Hier möchten wir bezüglich einer etwaigen Lehrlingsausbildung nachhaken. Aus unserer Sicht müsste der Lehrberuf aufgrund der hohen Anforderungen und Belastungen ähnlich einer Ausbildung in der Industrie und Technik bezahlt werden. Die Pandemie hat gezeigt, wie wichtig es auch aus wirtschaftlicher Sicht ist, ein sicheres und gut funktionierendes Gesundheitssystem zu haben. So wie die Löhne der Pflegeberufe an sich eine Steigerung erleben müssen, gilt es daher auch, eine dementsprechende Lehrlingsentschädigung zu bezahlen.
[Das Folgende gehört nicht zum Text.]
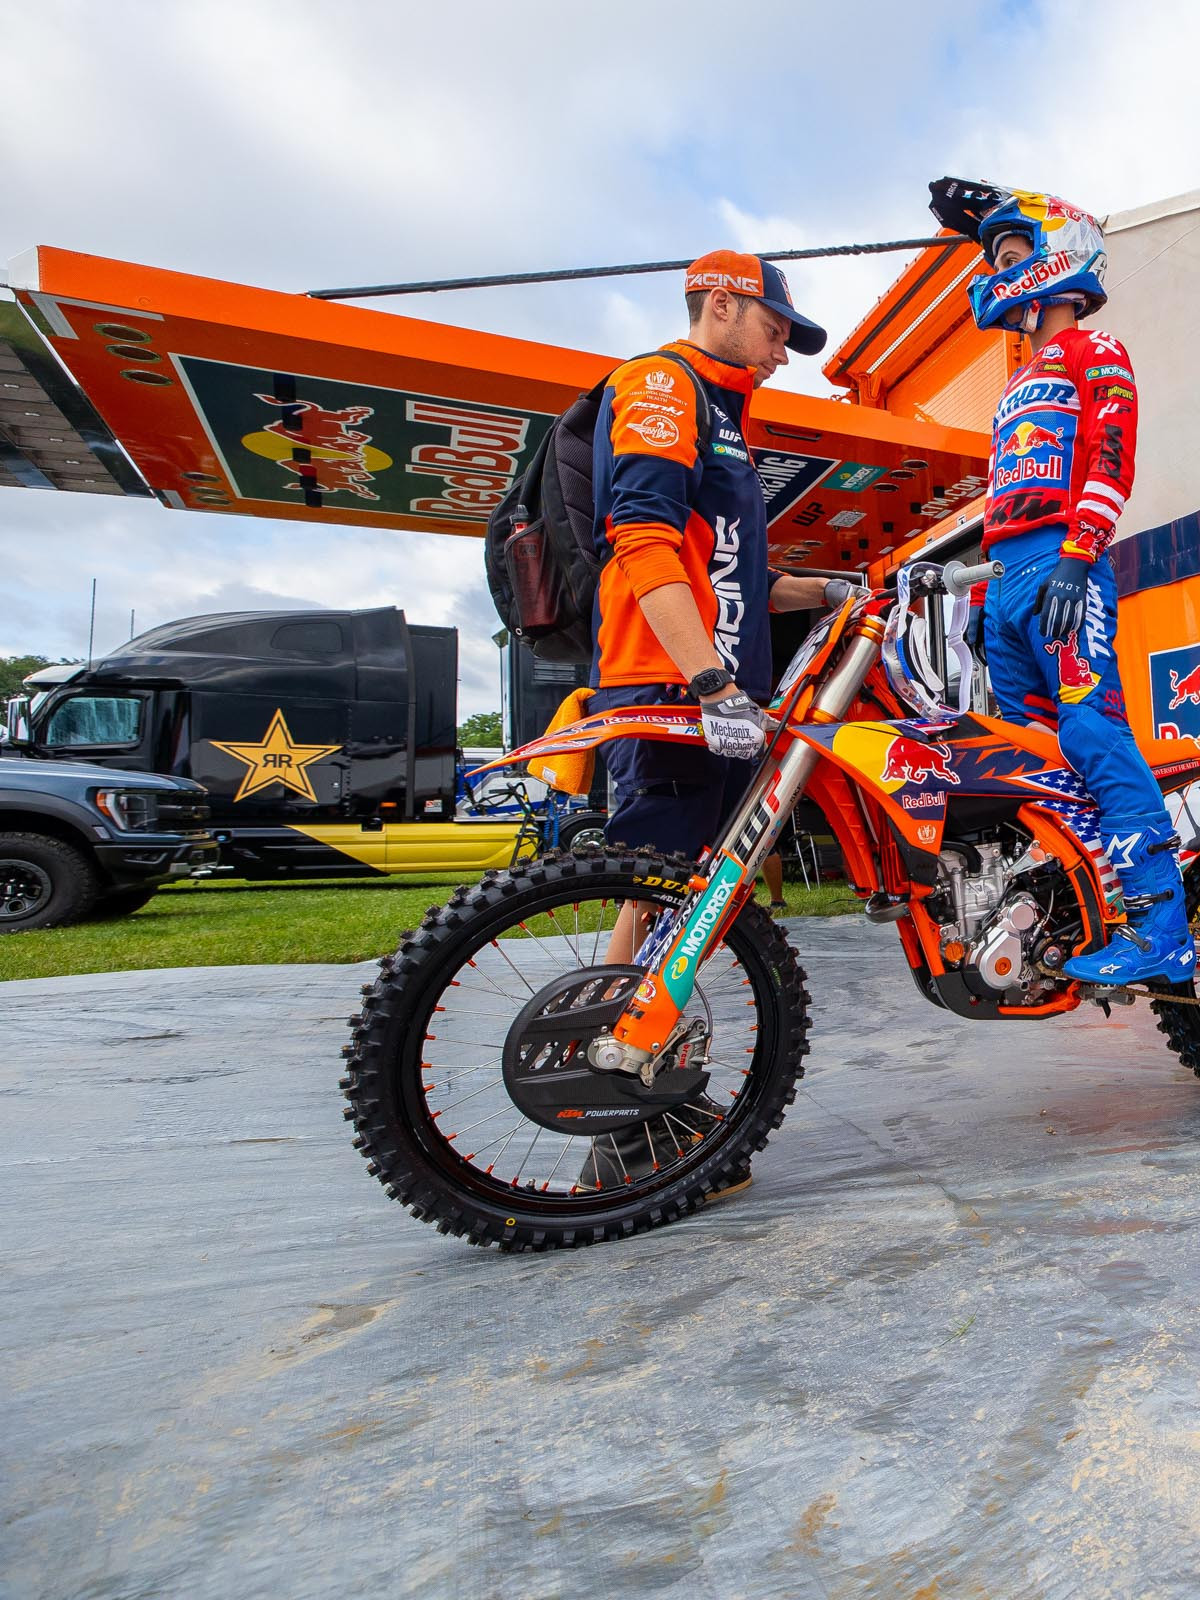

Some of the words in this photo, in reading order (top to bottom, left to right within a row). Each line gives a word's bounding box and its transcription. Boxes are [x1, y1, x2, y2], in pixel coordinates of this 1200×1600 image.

[992, 269, 1034, 298] Red
[1031, 250, 1071, 284] Bull
[996, 457, 1024, 490] Red
[1022, 455, 1063, 480] Bull
[986, 491, 1061, 526] KTM
[710, 516, 745, 681] ACING
[1051, 580, 1080, 593] THOR
[710, 720, 751, 739] Mechanix
[1152, 765, 1179, 776] NIVERSITY
[902, 793, 925, 809] Red
[924, 791, 946, 806] Bull
[681, 878, 738, 957] MOTOREX
[557, 1109, 584, 1119] KTM
[585, 1108, 640, 1118] POWERPARTS
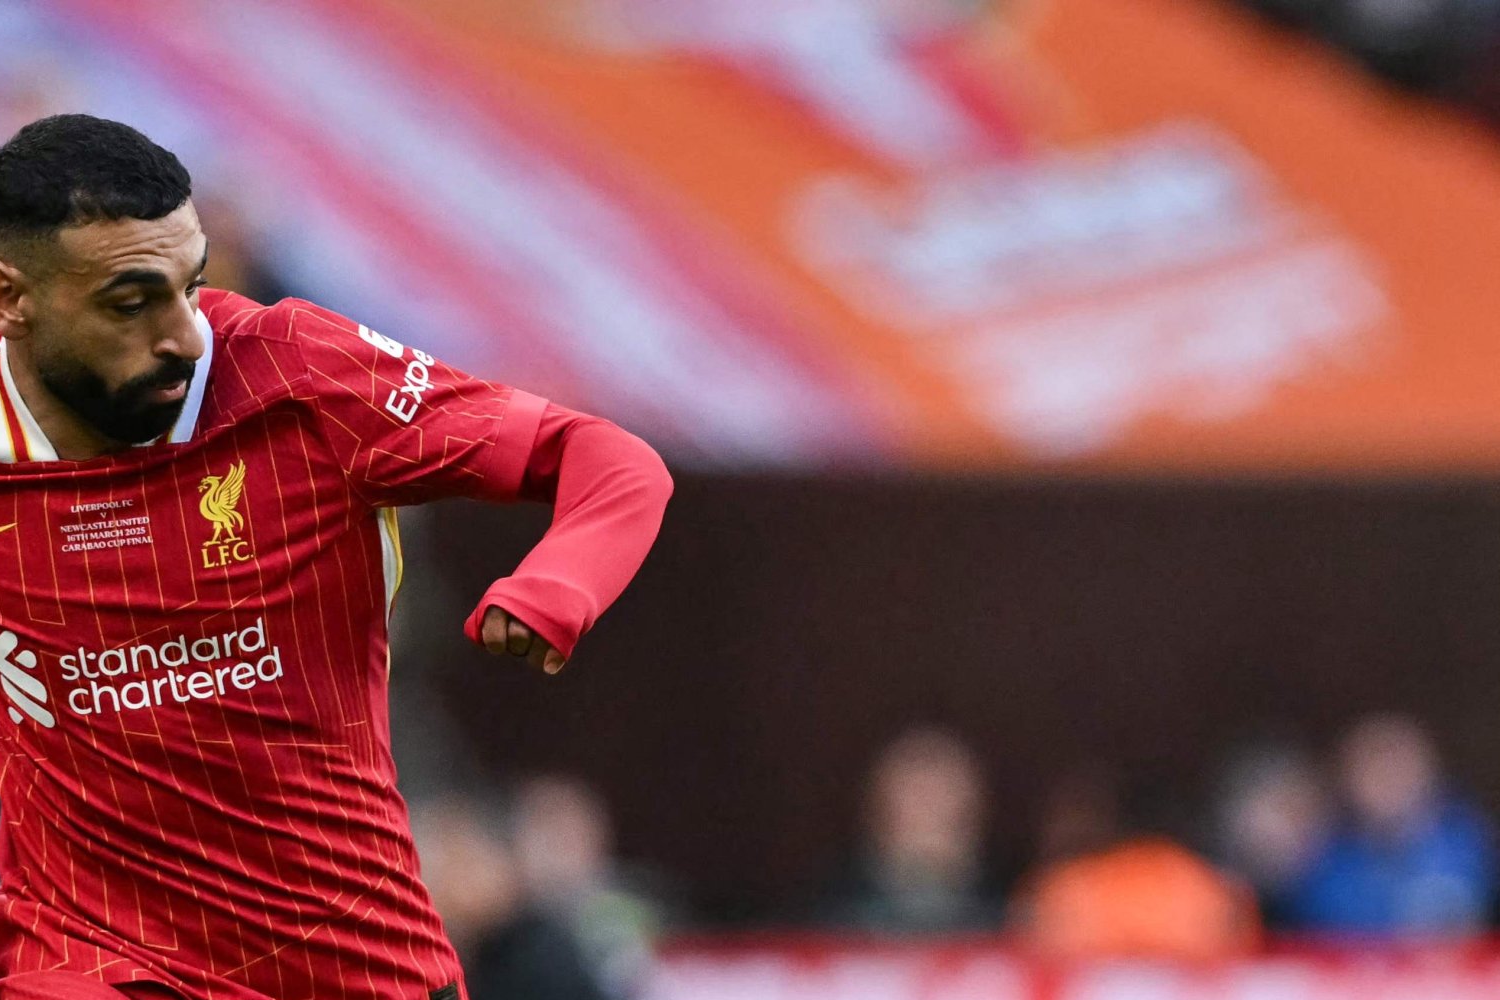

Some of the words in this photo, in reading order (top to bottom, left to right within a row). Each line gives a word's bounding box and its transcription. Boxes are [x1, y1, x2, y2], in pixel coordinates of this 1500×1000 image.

[70, 501, 122, 513] LIVERPOOL
[122, 499, 134, 507] FC
[60, 520, 116, 533] NEWCASTLE
[116, 516, 150, 527] UNITED
[66, 532, 89, 542] 16TH
[89, 529, 123, 540] MARCH
[125, 526, 146, 536] 2025
[61, 541, 106, 552] CARABAO
[107, 538, 126, 548] CUP
[126, 535, 153, 546] FINAL
[59, 616, 266, 681] standard
[68, 646, 284, 715] chartered
Es ist jedoch davon auszugehen, dass bei dieser Bedingung die anvisierte „Verbilligung“ der Pflege nicht mehr gegeben ist.
Die gravierenden Lohnunterschiede zwischen öffentlichem, privatem, intra- und extramuralem Bereich und unter den einzelnen Sparten sind zu bereinigen.
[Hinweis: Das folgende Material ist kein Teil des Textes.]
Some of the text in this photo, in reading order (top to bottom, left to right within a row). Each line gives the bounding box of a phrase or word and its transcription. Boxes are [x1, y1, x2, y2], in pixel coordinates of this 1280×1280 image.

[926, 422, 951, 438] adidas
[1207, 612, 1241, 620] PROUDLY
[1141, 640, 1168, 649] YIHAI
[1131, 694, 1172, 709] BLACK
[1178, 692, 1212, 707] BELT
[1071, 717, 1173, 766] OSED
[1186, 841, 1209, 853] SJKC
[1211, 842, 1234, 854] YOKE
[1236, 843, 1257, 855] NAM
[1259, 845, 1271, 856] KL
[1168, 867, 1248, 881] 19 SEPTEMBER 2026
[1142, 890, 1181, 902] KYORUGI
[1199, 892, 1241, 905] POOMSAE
Ein österreichweit gültiger Personalschlüssel mit einer klaren, den Anforderungen entsprechender, Qualität und Menschlichkeit garantierender, Mindestanzahl, auch was den Professionen-Mix betrifft, muss gesetzlich verankert werden.
Den Berufsalltag erschwerende Rahmenbedingungen wie geteilte Dienste, unbezahlte „Rufbereitschaft“, die Belastungen eines Schicht- und Wechseldienstes gerade bei zunehmenden Alter, die Unvereinbarkeit von Beruf und Familie müssen korrigiert werden. Pflege ist weiblich und das wird sie auch in Zukunft, unabhängig von den Ausbildungszugängen, sein.
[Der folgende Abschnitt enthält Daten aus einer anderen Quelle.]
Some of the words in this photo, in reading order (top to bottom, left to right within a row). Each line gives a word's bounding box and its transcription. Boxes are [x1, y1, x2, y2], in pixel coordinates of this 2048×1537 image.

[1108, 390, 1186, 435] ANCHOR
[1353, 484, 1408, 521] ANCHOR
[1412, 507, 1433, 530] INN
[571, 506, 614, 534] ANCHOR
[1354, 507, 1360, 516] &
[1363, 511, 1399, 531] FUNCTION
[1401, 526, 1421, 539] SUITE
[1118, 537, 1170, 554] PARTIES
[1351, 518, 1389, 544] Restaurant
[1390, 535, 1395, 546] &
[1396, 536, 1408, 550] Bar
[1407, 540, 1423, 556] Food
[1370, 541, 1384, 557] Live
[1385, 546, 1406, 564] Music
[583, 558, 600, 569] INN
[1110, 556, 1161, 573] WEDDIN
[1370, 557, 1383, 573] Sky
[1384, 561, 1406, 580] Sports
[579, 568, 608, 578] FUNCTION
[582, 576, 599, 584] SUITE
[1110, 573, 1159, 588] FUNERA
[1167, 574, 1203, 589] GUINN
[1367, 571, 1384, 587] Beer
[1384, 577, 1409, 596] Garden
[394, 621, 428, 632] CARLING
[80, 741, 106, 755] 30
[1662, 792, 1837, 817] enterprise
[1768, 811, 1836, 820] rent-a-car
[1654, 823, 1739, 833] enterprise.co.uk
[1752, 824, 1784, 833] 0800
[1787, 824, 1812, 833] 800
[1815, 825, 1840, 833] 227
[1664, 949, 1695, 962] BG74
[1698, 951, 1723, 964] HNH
Wir sind davon überzeugt, dass wenn man sich der Pflege in ihren bestehenden Berufen unter Berücksichtigung ihrer Professionalität und den steigenden Anforderungen, österreichweit und gemeinschaftlich annimmt, die Probleme im hier und jetzt und in der Zukunft zu lösen sind. Werden die Pflegeberufe attraktiver, steigt der Zulauf.
Verstummt der kollektive Aufschrei aufgrund der Belastungen und der mangelnden Wertschätzung unter den bestehenden, berufsausübenden Pflegepersonen in der gesamten Gesundheitsbranche, werden auch wieder mehr Menschen einen Pflegeberuf ergreifen, die Fluktuation sinkt.
Ermöglichen wir auch älteren ArbeitnehmerInnen ihren Pflegeberuf bis zur Pension ausüben zu können, senken wir die Drop Out Quote.